◆ YOUR INSTRUCTIONS: Please return every record below exactly as it stands.

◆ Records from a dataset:
/---

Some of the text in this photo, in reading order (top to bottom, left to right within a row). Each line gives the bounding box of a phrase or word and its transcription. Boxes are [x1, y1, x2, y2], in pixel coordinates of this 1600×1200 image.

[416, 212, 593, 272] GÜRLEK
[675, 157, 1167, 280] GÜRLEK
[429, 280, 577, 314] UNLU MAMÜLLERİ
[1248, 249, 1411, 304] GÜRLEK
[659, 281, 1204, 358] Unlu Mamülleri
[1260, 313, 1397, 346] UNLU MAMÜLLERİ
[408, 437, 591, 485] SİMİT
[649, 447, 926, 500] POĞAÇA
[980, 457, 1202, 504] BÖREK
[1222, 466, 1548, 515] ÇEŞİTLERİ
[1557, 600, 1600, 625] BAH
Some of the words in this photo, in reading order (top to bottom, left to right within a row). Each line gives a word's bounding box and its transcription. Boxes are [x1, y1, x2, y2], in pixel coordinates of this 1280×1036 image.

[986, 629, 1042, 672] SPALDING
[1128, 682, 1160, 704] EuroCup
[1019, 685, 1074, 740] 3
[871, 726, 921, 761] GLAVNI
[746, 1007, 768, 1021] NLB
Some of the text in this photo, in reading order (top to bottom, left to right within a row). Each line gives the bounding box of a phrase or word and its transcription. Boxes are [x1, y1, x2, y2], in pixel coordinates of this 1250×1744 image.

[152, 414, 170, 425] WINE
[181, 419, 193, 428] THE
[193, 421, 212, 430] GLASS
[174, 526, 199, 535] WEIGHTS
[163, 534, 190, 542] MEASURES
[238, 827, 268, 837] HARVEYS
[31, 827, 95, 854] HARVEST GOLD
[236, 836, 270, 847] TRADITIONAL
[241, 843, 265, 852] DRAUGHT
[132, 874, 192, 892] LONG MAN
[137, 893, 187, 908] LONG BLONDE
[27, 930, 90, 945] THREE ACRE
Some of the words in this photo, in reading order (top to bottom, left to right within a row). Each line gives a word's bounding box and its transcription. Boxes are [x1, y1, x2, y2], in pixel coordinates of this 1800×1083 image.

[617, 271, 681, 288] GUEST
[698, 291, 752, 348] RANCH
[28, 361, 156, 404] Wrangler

\---

◆ WRITTEN SOLUTION:
Some of the text in this photo, in reading order (top to bottom, left to right within a row). Each line gives the bounding box of a phrase or word and its transcription. Boxes are [x1, y1, x2, y2], in pixel coordinates of this 1600×1200 image.

[416, 212, 593, 272] GÜRLEK
[675, 157, 1167, 280] GÜRLEK
[429, 280, 577, 314] UNLU MAMÜLLERİ
[1248, 249, 1411, 304] GÜRLEK
[659, 281, 1204, 358] Unlu Mamülleri
[1260, 313, 1397, 346] UNLU MAMÜLLERİ
[408, 437, 591, 485] SİMİT
[649, 447, 926, 500] POĞAÇA
[980, 457, 1202, 504] BÖREK
[1222, 466, 1548, 515] ÇEŞİTLERİ
[1557, 600, 1600, 625] BAH
Some of the words in this photo, in reading order (top to bottom, left to right within a row). Each line gives a word's bounding box and its transcription. Boxes are [x1, y1, x2, y2], in pixel coordinates of this 1280×1036 image.

[986, 629, 1042, 672] SPALDING
[1128, 682, 1160, 704] EuroCup
[1019, 685, 1074, 740] 3
[871, 726, 921, 761] GLAVNI
[746, 1007, 768, 1021] NLB
Some of the text in this photo, in reading order (top to bottom, left to right within a row). Each line gives the bounding box of a phrase or word and its transcription. Boxes are [x1, y1, x2, y2], in pixel coordinates of this 1250×1744 image.

[152, 414, 170, 425] WINE
[181, 419, 193, 428] THE
[193, 421, 212, 430] GLASS
[174, 526, 199, 535] WEIGHTS
[163, 534, 190, 542] MEASURES
[238, 827, 268, 837] HARVEYS
[31, 827, 95, 854] HARVEST GOLD
[236, 836, 270, 847] TRADITIONAL
[241, 843, 265, 852] DRAUGHT
[132, 874, 192, 892] LONG MAN
[137, 893, 187, 908] LONG BLONDE
[27, 930, 90, 945] THREE ACRE
Some of the words in this photo, in reading order (top to bottom, left to right within a row). Each line gives a word's bounding box and its transcription. Boxes are [x1, y1, x2, y2], in pixel coordinates of this 1800×1083 image.

[617, 271, 681, 288] GUEST
[698, 291, 752, 348] RANCH
[28, 361, 156, 404] Wrangler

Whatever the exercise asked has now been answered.